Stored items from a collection

--- START ---

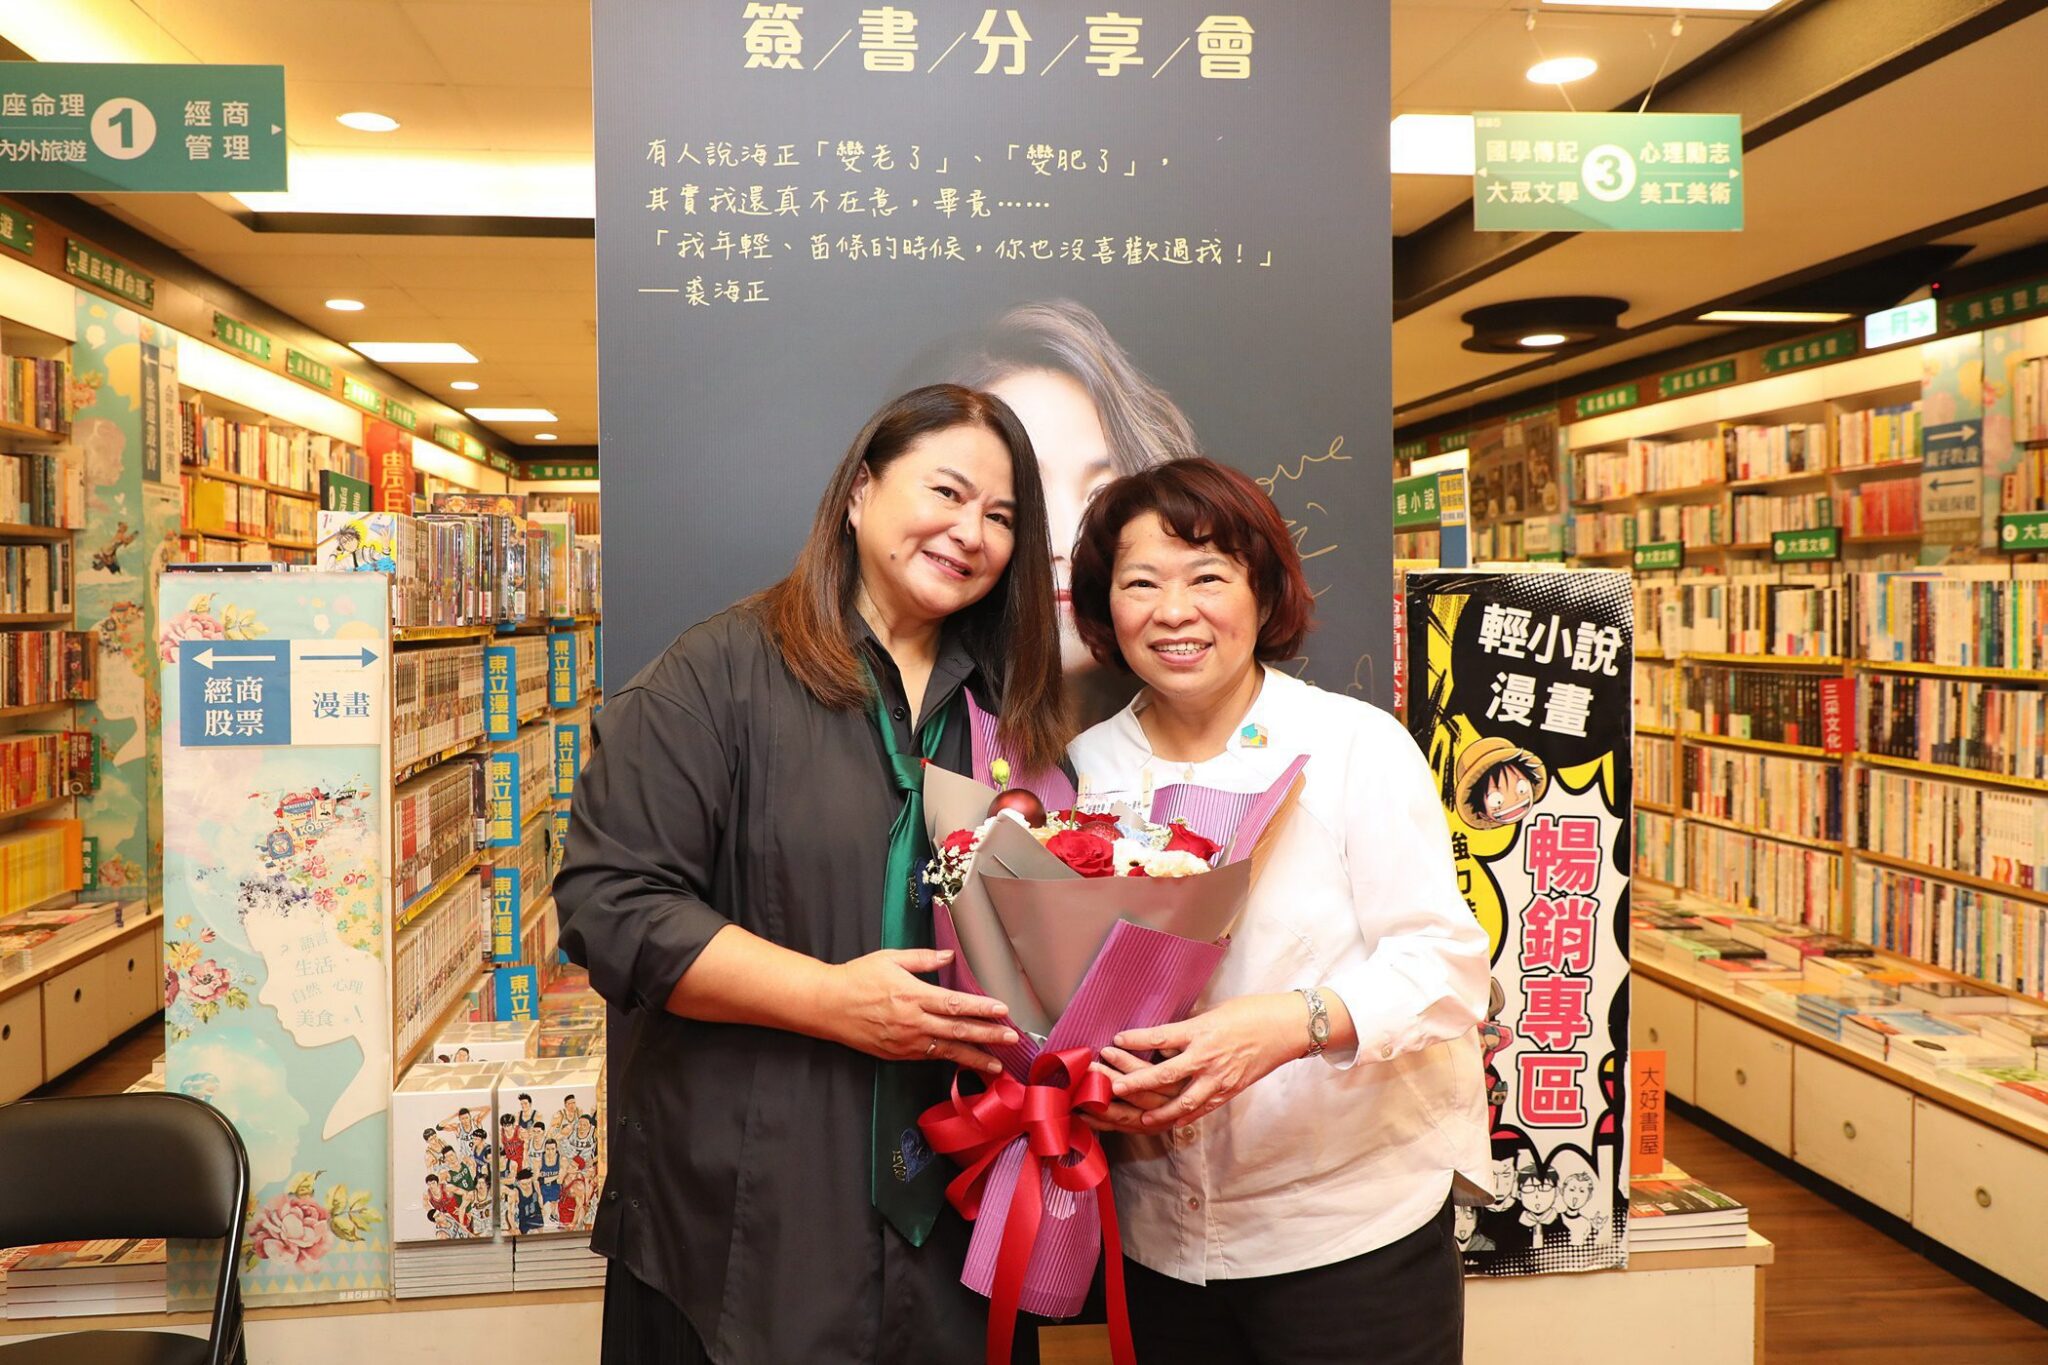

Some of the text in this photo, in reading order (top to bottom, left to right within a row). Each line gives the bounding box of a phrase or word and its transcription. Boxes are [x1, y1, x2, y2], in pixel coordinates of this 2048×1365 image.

[2, 93, 86, 118] 座命理
[184, 101, 250, 128] 經商
[108, 107, 135, 149] 1
[0, 140, 87, 163] 內外旅遊
[185, 135, 251, 161] 管理
[1485, 139, 1580, 164] 國學傳記
[1639, 141, 1731, 165] 心理勵志
[1594, 154, 1623, 192] 3
[1486, 181, 1580, 205] 大眾文學
[1639, 181, 1732, 205] 美工美術
[1478, 602, 1624, 678] 輕小說
[204, 676, 264, 705] 經商
[489, 655, 510, 734] 東立漫畫
[1484, 672, 1594, 738] 漫畫
[313, 691, 371, 720] 漫畫
[204, 708, 264, 737] 股票
[295, 954, 336, 978] 生活
[1518, 815, 1601, 1128] 暢銷專區
[1639, 1066, 1661, 1156] 大好書屋
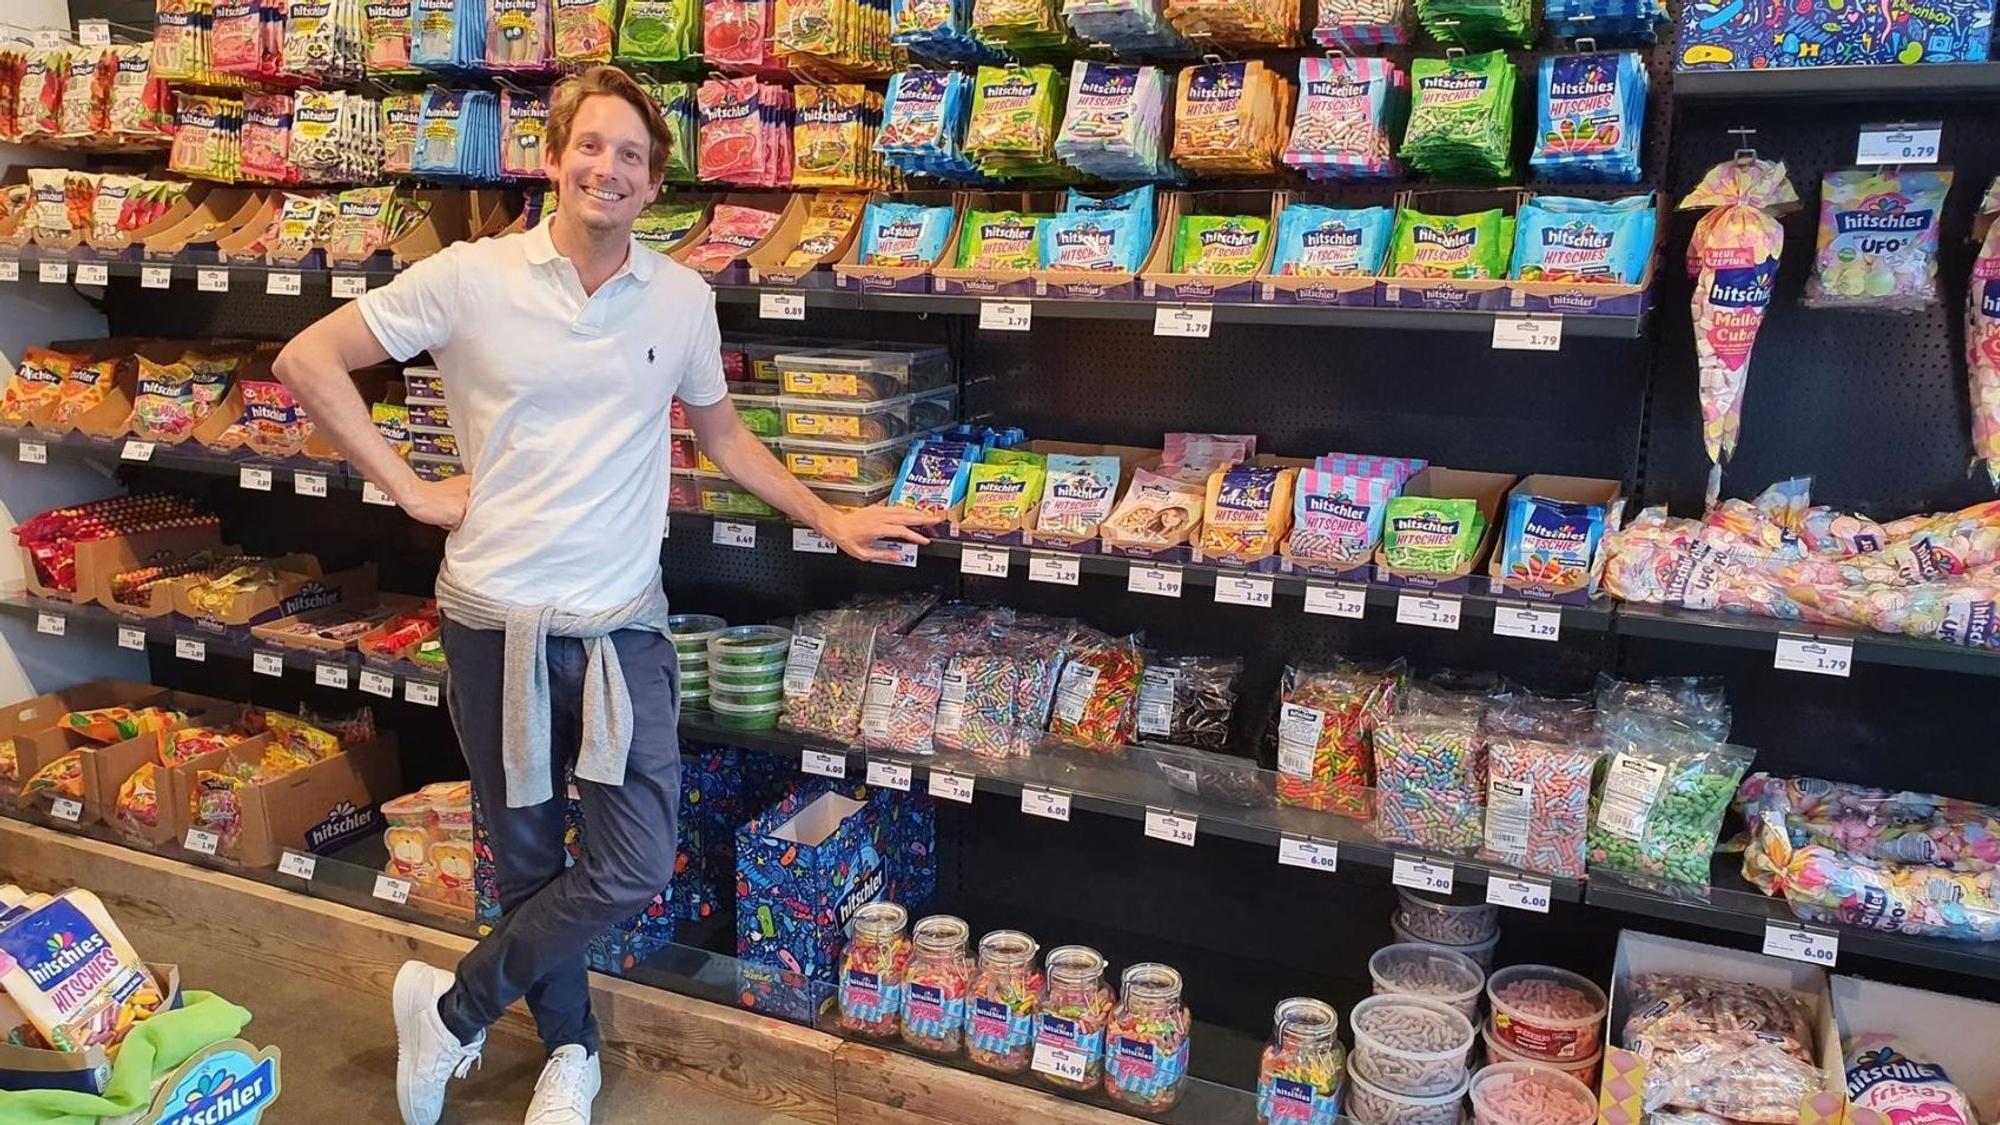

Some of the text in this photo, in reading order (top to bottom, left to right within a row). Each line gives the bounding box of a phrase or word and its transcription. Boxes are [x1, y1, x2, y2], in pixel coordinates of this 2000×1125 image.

--- END ---

* Problem description
What is needed is an exact repeat of every entry above, with the pictures left out.

* Result of the task
Some of the text in this photo, in reading order (top to bottom, left to right within a row). Each line gives the bounding box of a phrase or word and its transcription. Boxes are [x1, y1, x2, y2], in pixel coordinates of this 2048×1365 image.

[2, 93, 86, 118] 座命理
[184, 101, 250, 128] 經商
[108, 107, 135, 149] 1
[0, 140, 87, 163] 內外旅遊
[185, 135, 251, 161] 管理
[1485, 139, 1580, 164] 國學傳記
[1639, 141, 1731, 165] 心理勵志
[1594, 154, 1623, 192] 3
[1486, 181, 1580, 205] 大眾文學
[1639, 181, 1732, 205] 美工美術
[1478, 602, 1624, 678] 輕小說
[204, 676, 264, 705] 經商
[489, 655, 510, 734] 東立漫畫
[1484, 672, 1594, 738] 漫畫
[313, 691, 371, 720] 漫畫
[204, 708, 264, 737] 股票
[295, 954, 336, 978] 生活
[1518, 815, 1601, 1128] 暢銷專區
[1639, 1066, 1661, 1156] 大好書屋

Some of the text in this photo, in reading order (top to bottom, left to right within a row). Each line gives the bounding box of a phrase or word and its transcription. Boxes are [x1, y1, x2, y2], in pixel coordinates of this 2000×1125 image.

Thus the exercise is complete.